Oral vs Subcutaneous Delivery

Subcutaneous injection is the route used in virtually all published efficacy studies. MOTS-c as a 16-amino-acid peptide is subject to rapid proteolytic degradation in the gastrointestinal tract.

Some animal studies explored oral delivery at higher doses, but oral bioavailability has not been validated against subcutaneous exposure in comparative PK studies. Intraperitoneal injection was the most common route in early rodent studies; subcutaneous injection (including osmotic pump delivery) became dominant in later work to improve translational relevance.[2][10]

Reconstitution and Storage of Research-Grade MOTS-c

RESEARCH CONTEXT

Research-Grade Chemical Reagent

This represents the reconstitution approach described in research protocols. Research-grade MOTS-c is a chemical reagent, not a pharmaceutical product.

Lyophilized (freeze-dried) MOTS-c is stable for extended periods at -20°C. Typical reconstitution in research protocols uses bacteriostatic water at 1–2 mL per 10 mg vial, producing a solution of 5–10 mg/mL. Reconstituted solutions are stored at 4°C and used within a short window to prevent degradation. Repeated freeze-thaw cycles reduce peptide integrity.
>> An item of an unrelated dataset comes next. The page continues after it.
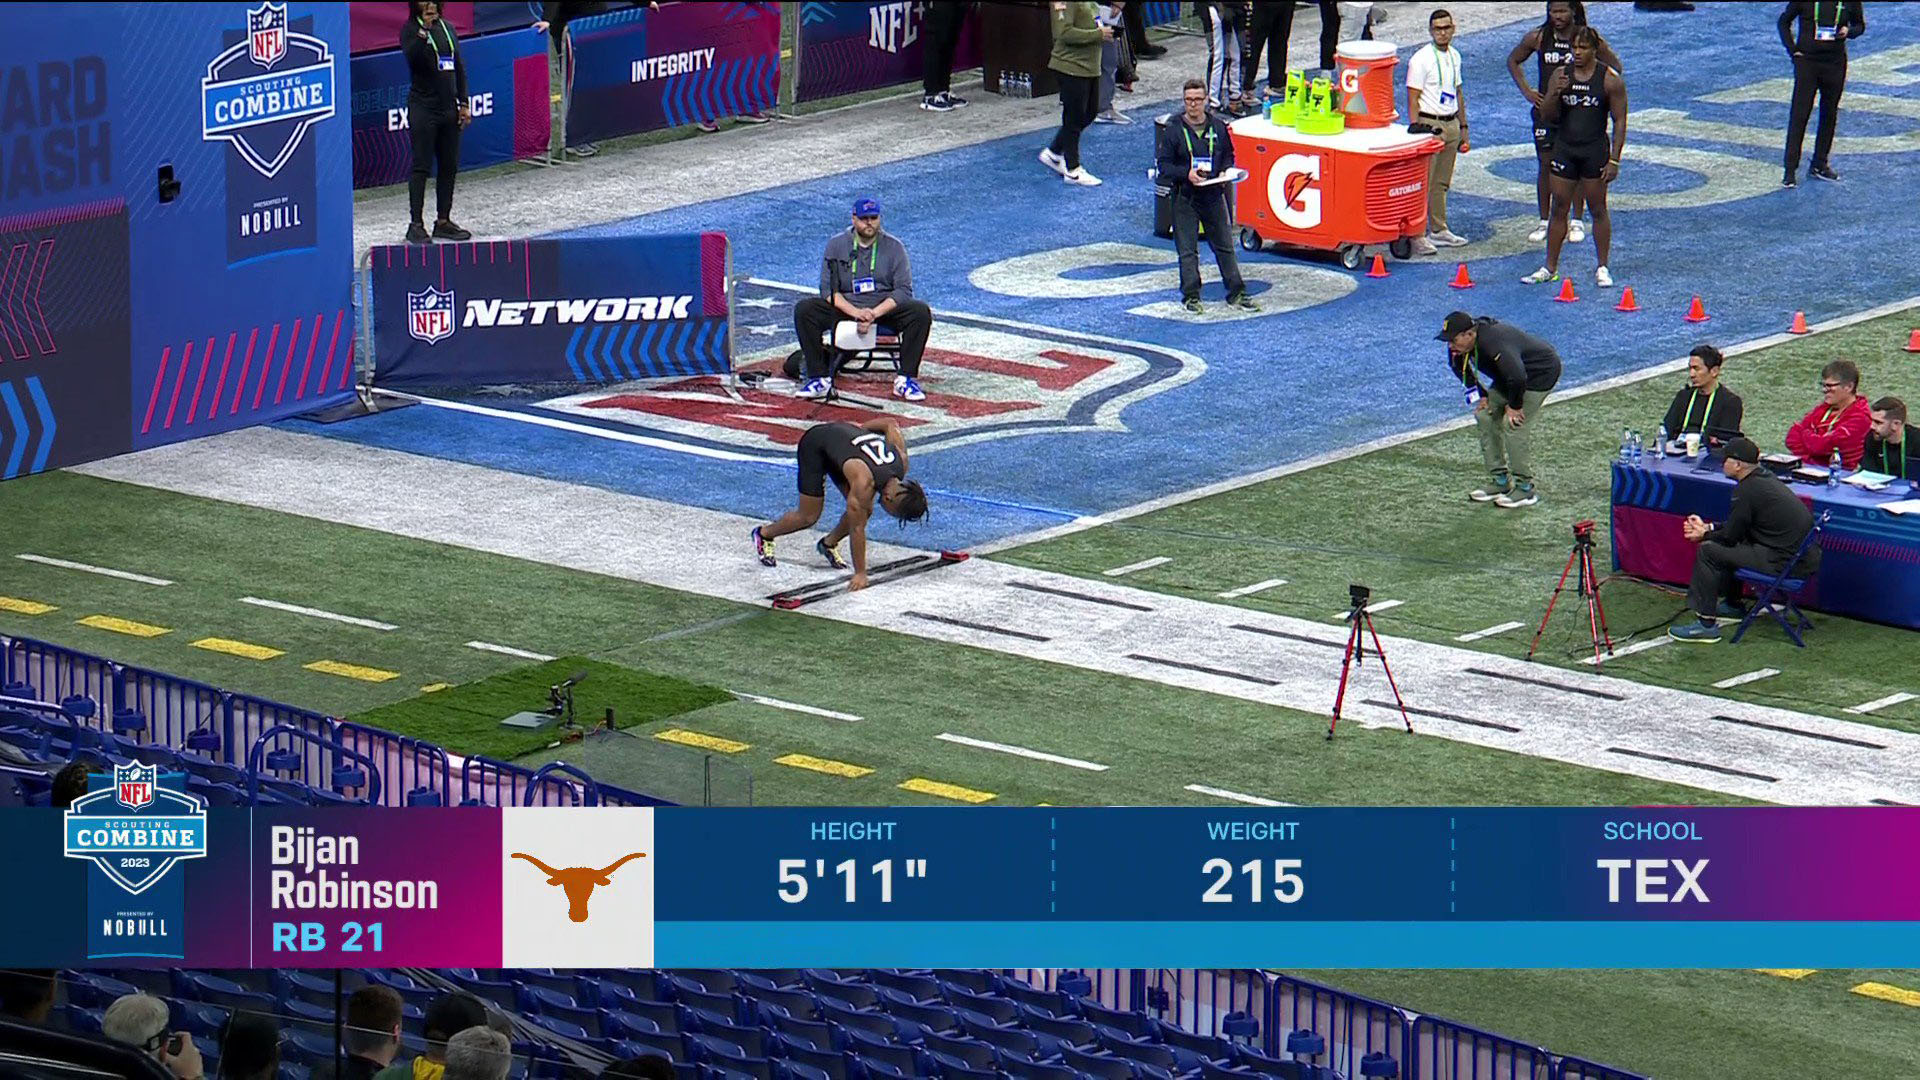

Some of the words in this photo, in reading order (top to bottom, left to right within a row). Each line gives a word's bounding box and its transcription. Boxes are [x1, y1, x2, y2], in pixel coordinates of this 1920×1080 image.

Administration Timing in the Research Literature

Mouse studies administered MOTS-c subcutaneously before treadmill exercise sessions in the endurance arm of Reynolds et al. 2021.[2] The late-life healthspan arm used a three-times-weekly schedule independent of exercise timing.
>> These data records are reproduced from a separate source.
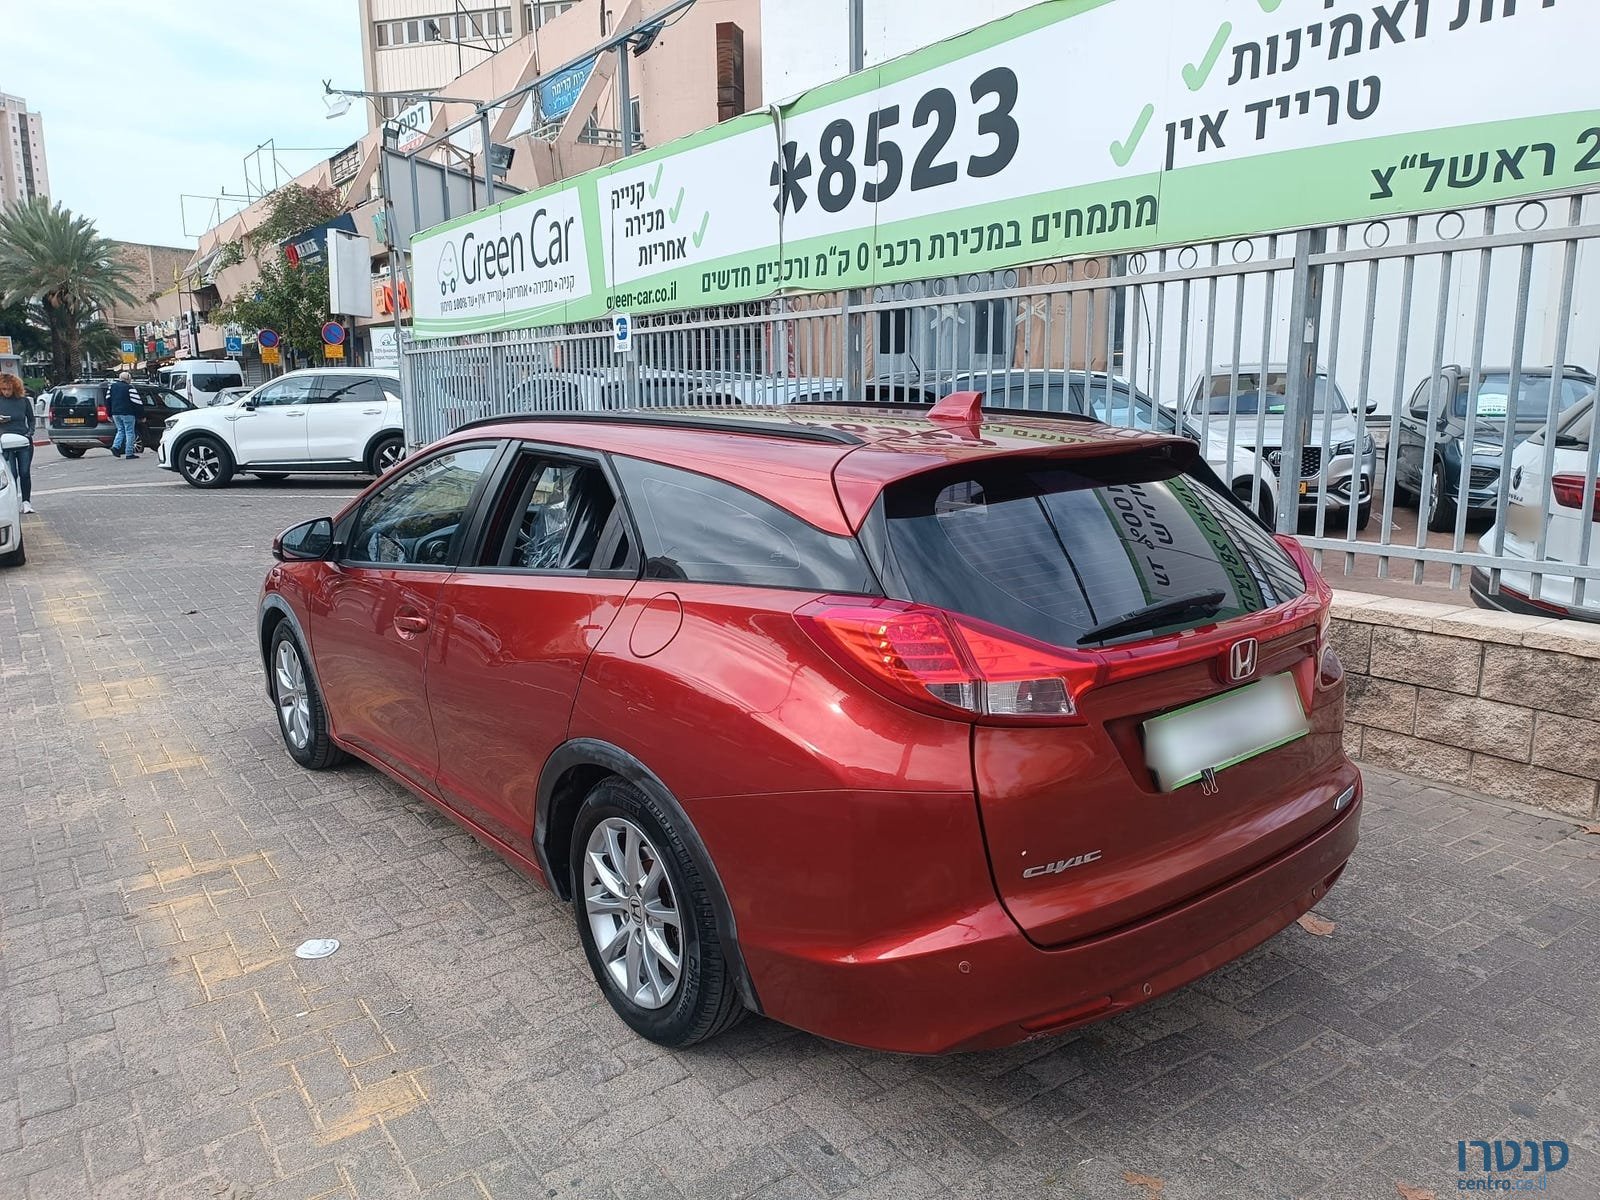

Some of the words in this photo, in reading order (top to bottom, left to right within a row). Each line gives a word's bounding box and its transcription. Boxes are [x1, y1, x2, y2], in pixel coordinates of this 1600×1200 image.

[1227, 0, 1431, 86] ואמינות
[1244, 75, 1382, 141] טרייד
[1165, 109, 1229, 171] אין
[611, 181, 645, 210] קנייה
[625, 208, 665, 238] מכירה
[1031, 194, 1158, 244] מתמחים
[462, 232, 524, 285] Green
[531, 208, 575, 269] Car
[638, 236, 687, 267] אחריות
[875, 238, 921, 268] רכבי
[927, 220, 1022, 261] במכירת
[756, 256, 809, 285] ורכבים
[857, 242, 869, 271] 0
[506, 284, 529, 300] אחריות
[533, 279, 553, 295] מכירה
[559, 275, 575, 293] קניה
[701, 266, 751, 293] חדשים
No circadian or meal-timing optimization data from human trials exist. No peer-reviewed study has examined pre-workout versus fasted versus post-meal MOTS-c administration in humans.
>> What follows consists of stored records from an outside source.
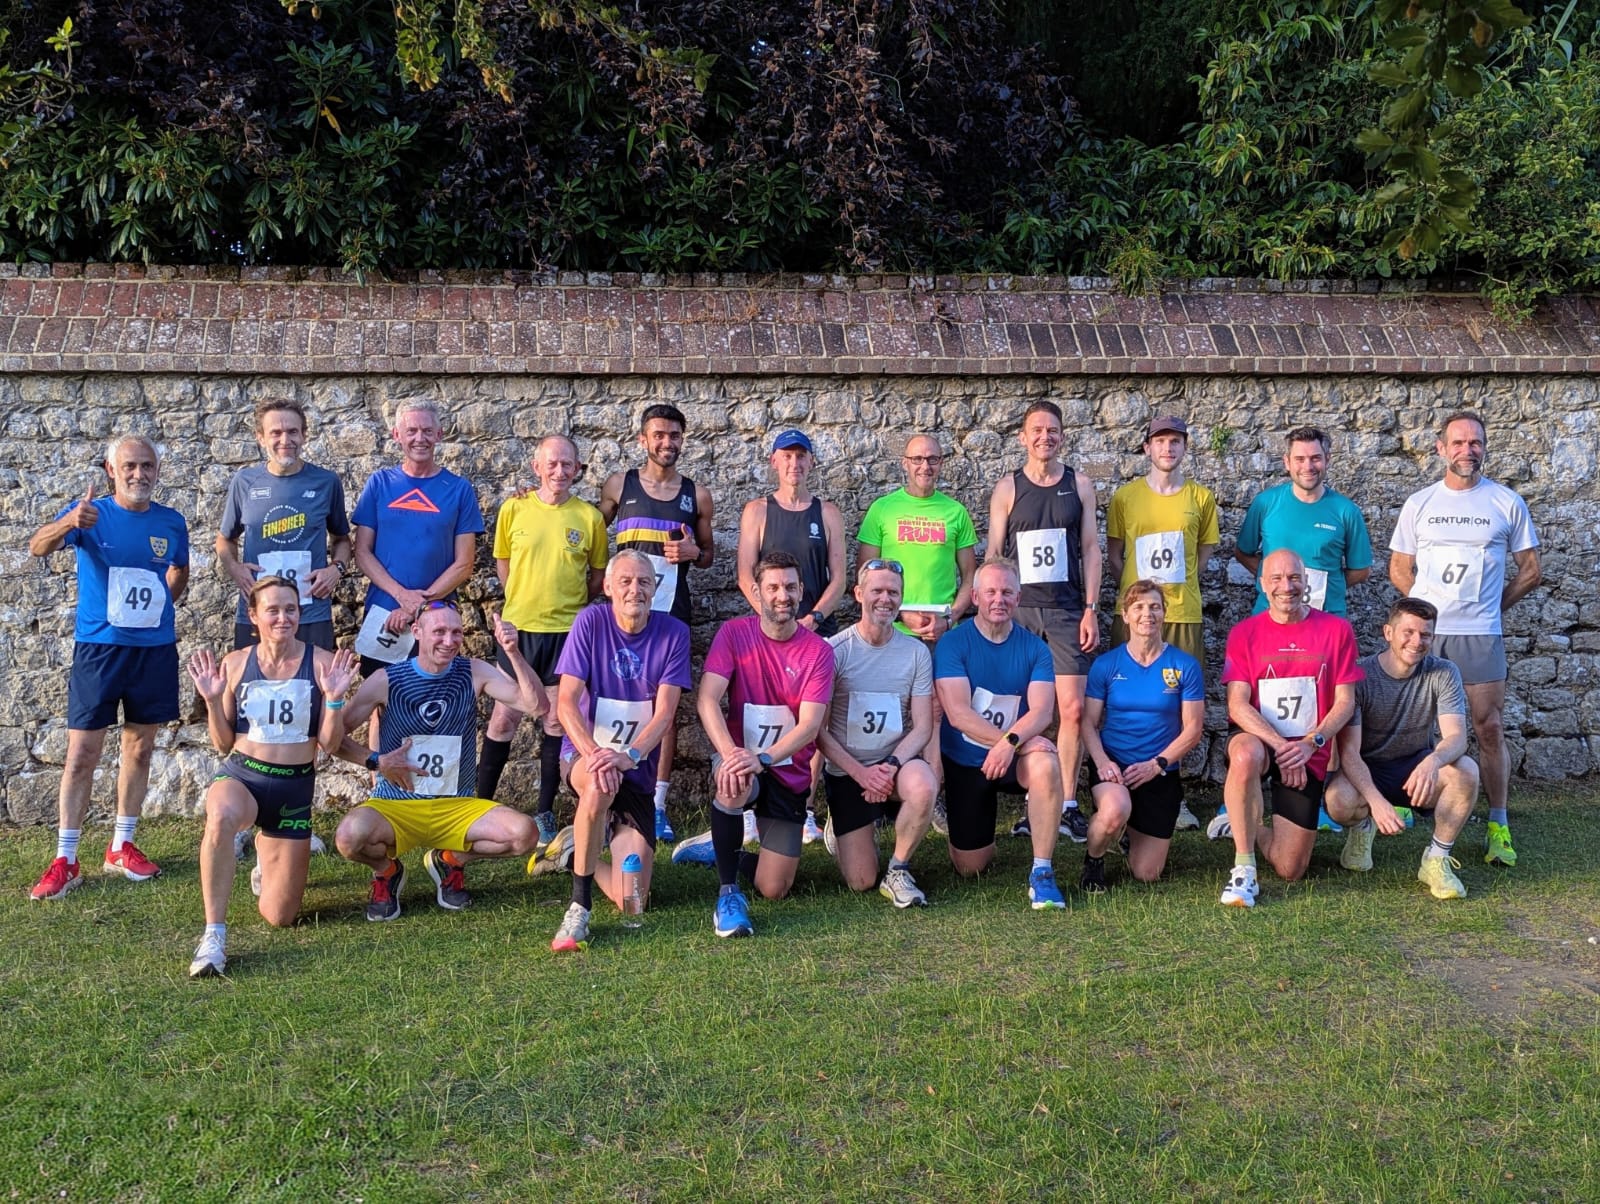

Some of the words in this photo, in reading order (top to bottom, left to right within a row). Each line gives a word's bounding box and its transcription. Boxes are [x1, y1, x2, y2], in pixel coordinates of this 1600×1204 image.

[898, 525, 946, 544] RUN
[1032, 545, 1056, 568] 58
[1150, 548, 1173, 570] 69
[1441, 563, 1469, 585] 67
[125, 586, 153, 611] 49
[268, 699, 294, 725] 18
[1277, 696, 1303, 721] 57
[610, 720, 640, 745] 27
[862, 710, 888, 734] 37
[758, 724, 784, 748] 77
[244, 760, 269, 773] NIKE
[269, 767, 295, 776] PRO
[417, 753, 444, 778] 28
Onset of Effects: Research Timeframes

Rodent studies show metabolic improvements within the first few weeks of daily MOTS-c administration. In the Lee 2015 chronic obesity study, insulin sensitivity and glucose tolerance improvements were measurable after two to four weeks of treatment.[1]

The acute metabolomics study (2.5 mg/kg BID for three days) showed measurable plasma metabolite changes within 72 hours.[5]

No controlled human trial has characterized time-to-effect for exogenously administered MOTS-c.

MOTS-c Combined with GLP-1 Receptor Agonists

No controlled study has examined MOTS-c combined with GLP-1 receptor agonists. Mechanistically the two act on different pathways: MOTS-c operates via the mitochondrial folate-AICAR-AMPK axis, while GLP-1 agonists operate via incretin signaling (GLP-1R, cAMP/PKA). There is no published mechanistic or pharmacokinetic basis for predicting interaction. Combination use is anecdotal.

MOTS-c Stacking: What Research Exists

Published stacking data for MOTS-c are absent from the peer-reviewed literature.

SS-31 (elamipretide) is sometimes cited alongside MOTS-c in self-experiment reports targeting mitochondrial health. SS-31 is a mitochondria-targeted tetrapeptide that stabilizes cardiolipin on the inner mitochondrial membrane — complementary in pathway (membrane integrity vs metabolic regulation), but no controlled study has examined the combination.

For MOTS-c and metformin: both activate AMPK. Their upstream mechanisms partially overlap (metformin inhibits mitochondrial Complex I, raising AMP/ATP ratio; MOTS-c inhibits folate-purine synthesis to accumulate AICAR). Theoretically additive but potentially redundant — and the combination could increase the risk of excessive AMPK activation. See MOTS-c and Metformin: Overlapping Mechanisms on the FAQ page.

MOTS-c and Metformin: Overlapping Mechanisms

Both MOTS-c and metformin activate AMPK, though via different upstream mechanisms. Metformin inhibits mitochondrial Complex I, raising the AMP/ATP ratio and activating AMPK. MOTS-c inhibits the folate cycle, accumulating AICAR to activate AMPK.[1][17]

The overlap is mechanistically significant: in insulin-resistant individuals already taking metformin, adding exogenous MOTS-c would apply additional AMPK activation on top of the existing pharmacological effect. No controlled human study has examined the combination. The theoretical concern — excessive AMPK activation and risk of hypoglycemia — has not been characterized in any published study.